Nowy honker wczoraj po raz pierwszy został zaprezentowany w lubelskiej fabryce Intrall Polska.Jan Wielgus, szef Ośrodka Badawczo-Rozwojowego, nie kryje dumy ze swojego dzieła. - Pracowaliśmy nad nim kilka miesięcy. Na razie jeździ jeden egzemplarz, drugi jest w przygotowaniu.
Do seryjnej produkcji honker wejdzie w połowie 2007 roku. - Na razie tylko na zamówienie wojska. Nie wykluczamy jednak, że na rynku pojawi się wersja cywilna. Być może też zaproponujemy honkera innym armiom NATO - dodaje Piotr Mazur, wiceprezes firmy Intrall Polska.
Konstruktorzy zadbali o komfort i bezpieczeństwo żołnierzy. Jest klimatyzacja, siedem wygodnych foteli, każdy z pasami bezpieczeństwa, wspomaganie kierownicy orasz zmodernizowane zawieszenie. Autem jedzie się jak "osobówką”. Na trasie bez problemu uzyskuje prędkość 150 km/h.

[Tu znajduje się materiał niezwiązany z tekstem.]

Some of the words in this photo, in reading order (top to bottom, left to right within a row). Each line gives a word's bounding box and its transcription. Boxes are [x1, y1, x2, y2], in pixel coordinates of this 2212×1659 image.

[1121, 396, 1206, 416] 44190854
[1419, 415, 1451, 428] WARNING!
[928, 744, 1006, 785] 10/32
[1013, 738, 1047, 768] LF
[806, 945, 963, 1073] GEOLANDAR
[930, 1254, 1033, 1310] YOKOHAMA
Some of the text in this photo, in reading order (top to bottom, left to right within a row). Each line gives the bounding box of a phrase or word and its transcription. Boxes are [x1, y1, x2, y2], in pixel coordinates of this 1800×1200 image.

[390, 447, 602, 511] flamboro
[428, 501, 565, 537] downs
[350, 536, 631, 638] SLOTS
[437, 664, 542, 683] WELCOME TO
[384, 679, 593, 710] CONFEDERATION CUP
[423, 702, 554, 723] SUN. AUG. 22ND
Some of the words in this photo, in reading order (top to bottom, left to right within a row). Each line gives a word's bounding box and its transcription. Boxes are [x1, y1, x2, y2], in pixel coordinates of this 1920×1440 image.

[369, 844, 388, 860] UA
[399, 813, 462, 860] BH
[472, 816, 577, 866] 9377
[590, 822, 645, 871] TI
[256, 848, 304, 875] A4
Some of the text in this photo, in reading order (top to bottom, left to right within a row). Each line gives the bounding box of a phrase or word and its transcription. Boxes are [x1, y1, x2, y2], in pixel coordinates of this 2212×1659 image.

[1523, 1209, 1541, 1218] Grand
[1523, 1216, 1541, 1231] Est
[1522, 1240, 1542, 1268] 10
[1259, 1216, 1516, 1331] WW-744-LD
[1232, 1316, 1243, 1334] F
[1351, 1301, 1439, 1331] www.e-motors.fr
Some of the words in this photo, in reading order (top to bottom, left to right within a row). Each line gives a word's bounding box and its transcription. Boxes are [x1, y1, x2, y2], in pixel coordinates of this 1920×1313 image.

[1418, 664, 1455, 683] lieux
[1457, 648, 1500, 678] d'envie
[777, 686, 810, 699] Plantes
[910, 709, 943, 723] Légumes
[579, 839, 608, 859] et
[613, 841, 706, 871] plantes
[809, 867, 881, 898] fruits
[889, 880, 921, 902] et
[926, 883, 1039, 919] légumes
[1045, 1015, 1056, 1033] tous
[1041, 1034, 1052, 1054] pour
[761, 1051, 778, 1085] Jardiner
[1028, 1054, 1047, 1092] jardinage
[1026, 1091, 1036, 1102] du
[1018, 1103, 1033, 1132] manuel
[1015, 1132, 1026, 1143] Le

Nowy honker ma napęd na cztery koła, z reduktorem, co pozwala pokonywać najtrudniejsze przeszkody w terenie. - Sprawdzaliśmy go na poligonie na górkach czechowskich. Egzamin zdał na piątkę. Pod maską ma zamontowany polski silnik wysokoprężny z Andorii. W przygotowaniu jest drugi egzemplarz z włoskim silnikiem firmy Iveco - wyjaśnia Jan Wielgus.